Exercise objective:
I'd like the data below restated word for word, with the pictures left out.

━━━━━ Data to use ━━━━━

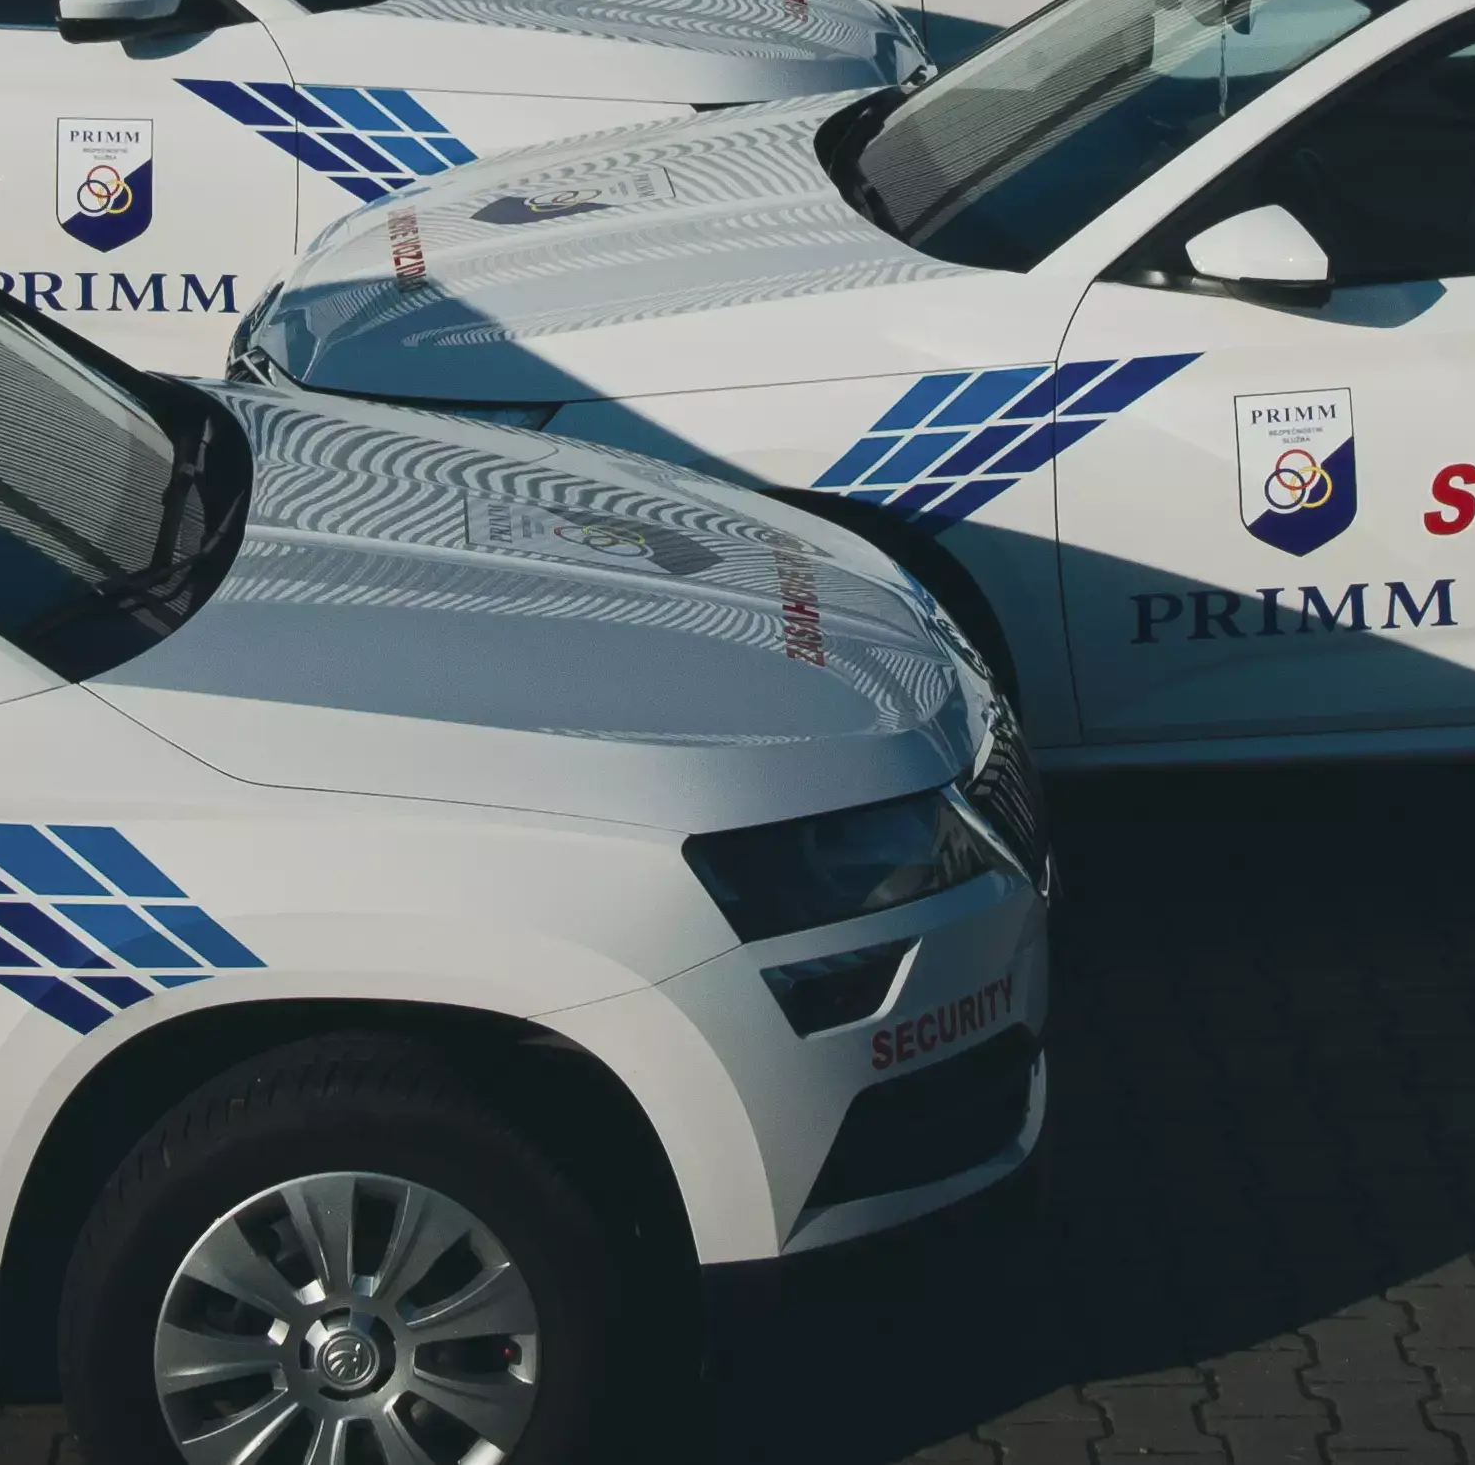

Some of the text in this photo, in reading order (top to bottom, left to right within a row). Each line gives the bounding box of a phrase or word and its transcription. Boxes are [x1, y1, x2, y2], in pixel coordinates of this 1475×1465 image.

[69, 130, 140, 143] PRIMM
[1250, 403, 1337, 425] PRIMM
[1130, 578, 1459, 644] PRIMM
[871, 972, 1013, 1070] SECURITY
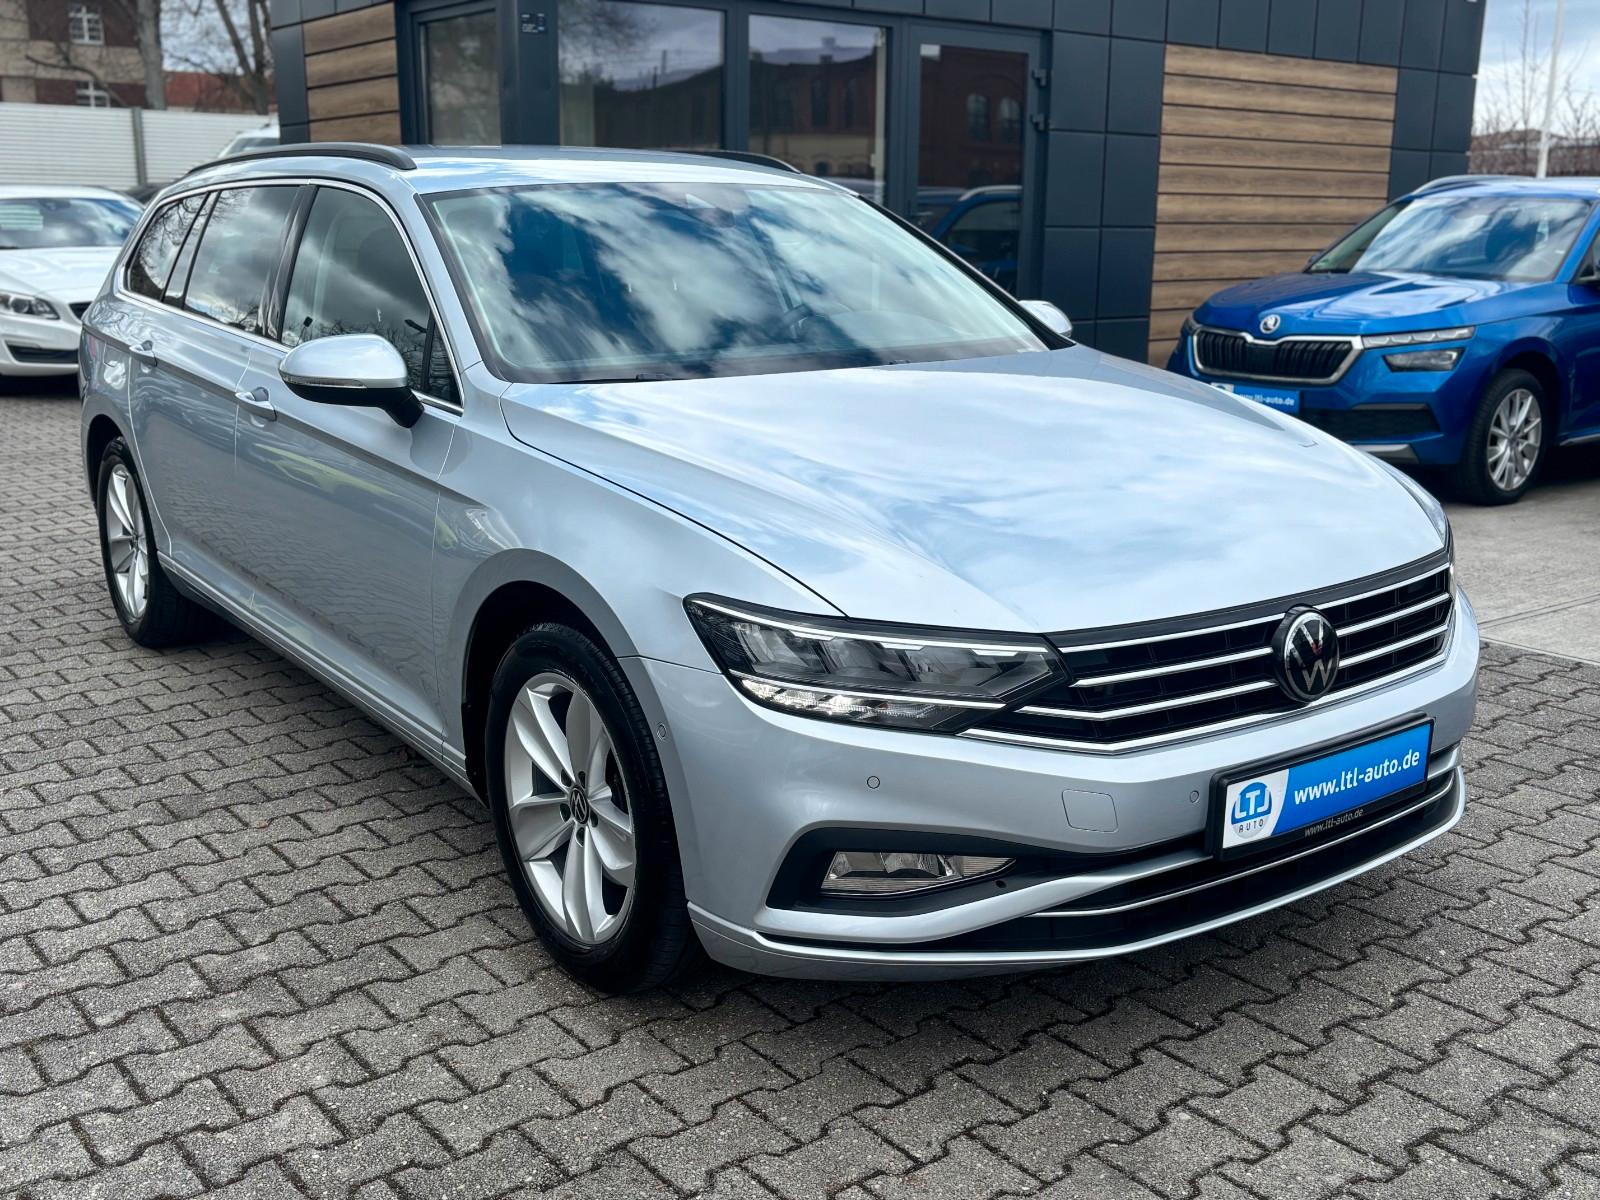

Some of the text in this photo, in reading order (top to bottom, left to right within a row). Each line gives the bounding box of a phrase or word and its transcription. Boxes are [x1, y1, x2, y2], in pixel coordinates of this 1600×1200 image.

[1293, 749, 1420, 805] www.ltl-auto.de
[1238, 818, 1264, 833] AUTO
[1304, 808, 1364, 837] www.ltl-auto.de
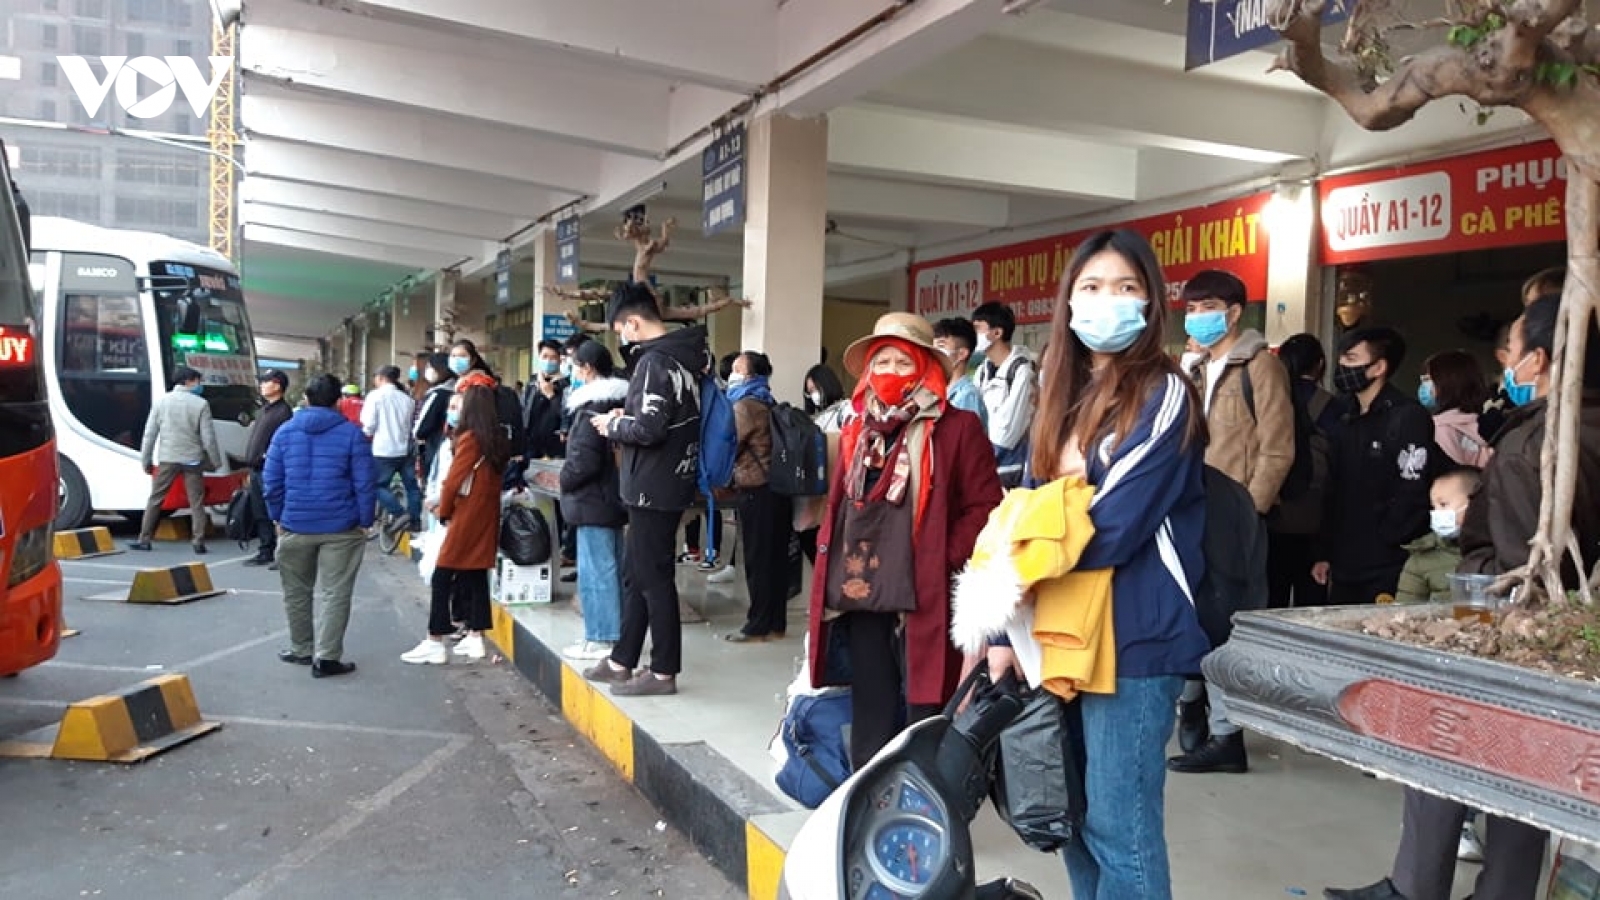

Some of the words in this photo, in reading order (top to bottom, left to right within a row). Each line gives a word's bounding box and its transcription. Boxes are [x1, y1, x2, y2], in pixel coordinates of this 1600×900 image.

[1387, 193, 1443, 232] A1-12
[1460, 204, 1497, 235] CÀ
[1504, 196, 1561, 231] PHÊ
[990, 255, 1024, 297] DỊCH
[1028, 251, 1048, 291] VỤ
[1151, 214, 1193, 267] GIẢI
[1199, 206, 1262, 262] KHÁT
[946, 279, 980, 312] A1-12
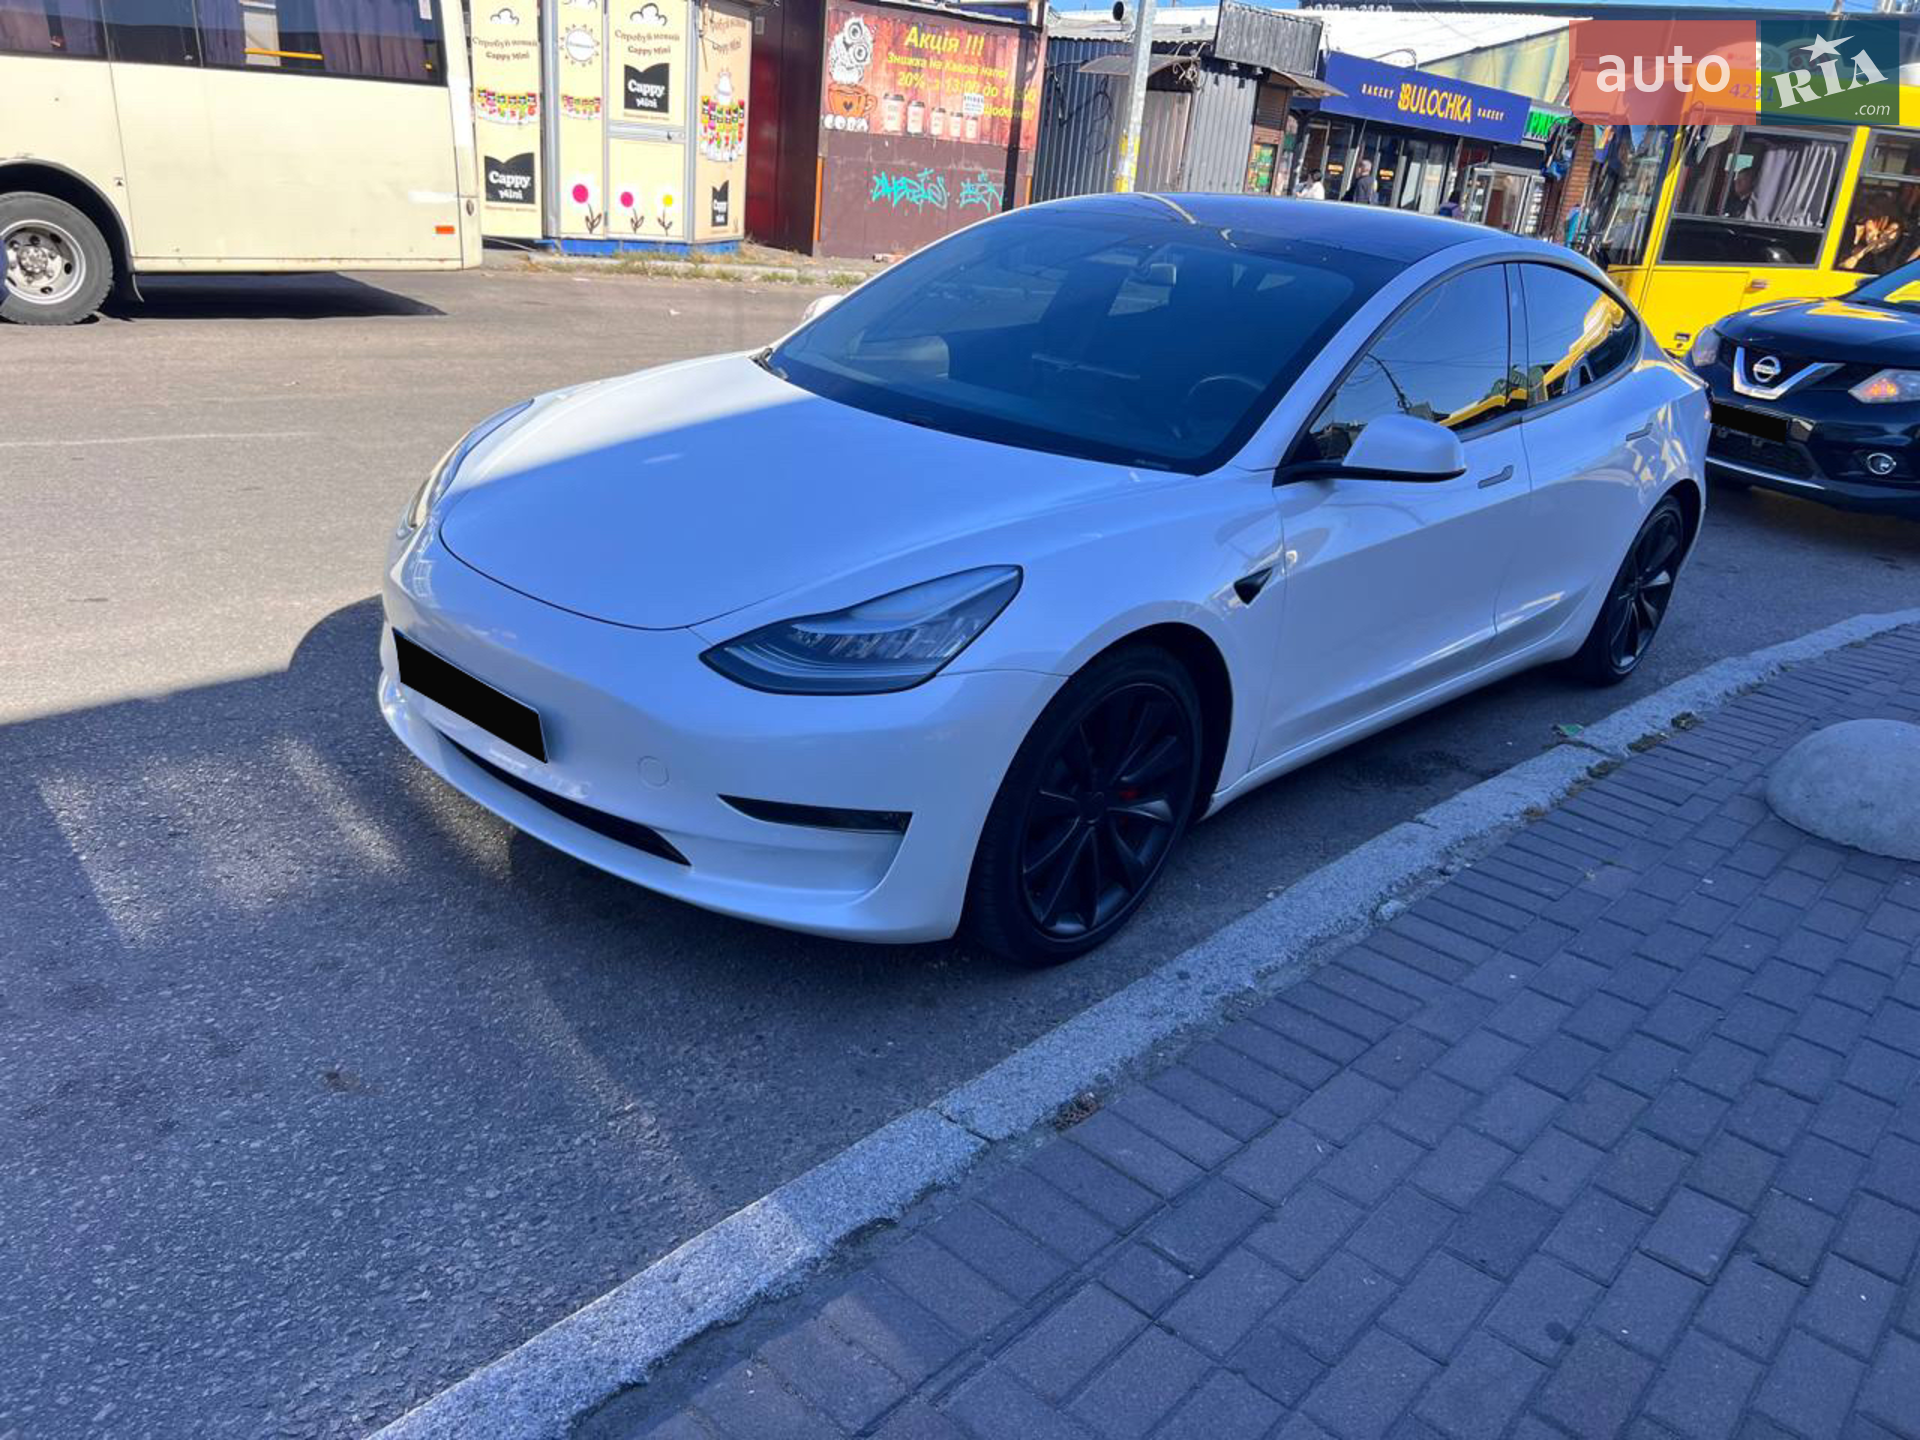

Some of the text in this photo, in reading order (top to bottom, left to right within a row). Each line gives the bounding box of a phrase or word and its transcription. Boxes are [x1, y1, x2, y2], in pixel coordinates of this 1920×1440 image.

━━━━━

Problem solution:
Some of the text in this photo, in reading order (top to bottom, left to right within a row). Each line gives the bounding box of a phrase or word and its transcription. Boxes are [x1, y1, x2, y2], in pixel coordinates of this 1475×1465 image.

[69, 130, 140, 143] PRIMM
[1250, 403, 1337, 425] PRIMM
[1130, 578, 1459, 644] PRIMM
[871, 972, 1013, 1070] SECURITY

Some of the text in this photo, in reading order (top to bottom, left to right within a row). Each line gives the bounding box of a phrase or word and its transcription. Boxes are [x1, y1, x2, y2], in pixel coordinates of this 1600×1200 image.

[1293, 749, 1420, 805] www.ltl-auto.de
[1238, 818, 1264, 833] AUTO
[1304, 808, 1364, 837] www.ltl-auto.de

Some of the words in this photo, in reading order (top to bottom, left to right within a row). Each line gives a word's bounding box and its transcription. Boxes are [x1, y1, x2, y2], in pixel coordinates of this 1600×900 image.

[1387, 193, 1443, 232] A1-12
[1460, 204, 1497, 235] CÀ
[1504, 196, 1561, 231] PHÊ
[990, 255, 1024, 297] DỊCH
[1028, 251, 1048, 291] VỤ
[1151, 214, 1193, 267] GIẢI
[1199, 206, 1262, 262] KHÁT
[946, 279, 980, 312] A1-12

Some of the text in this photo, in reading order (top to bottom, left to right within a row). Each line gives the bounding box of a phrase or word and its transcription. Boxes are [x1, y1, x2, y2], in pixel coordinates of this 1920×1440 image.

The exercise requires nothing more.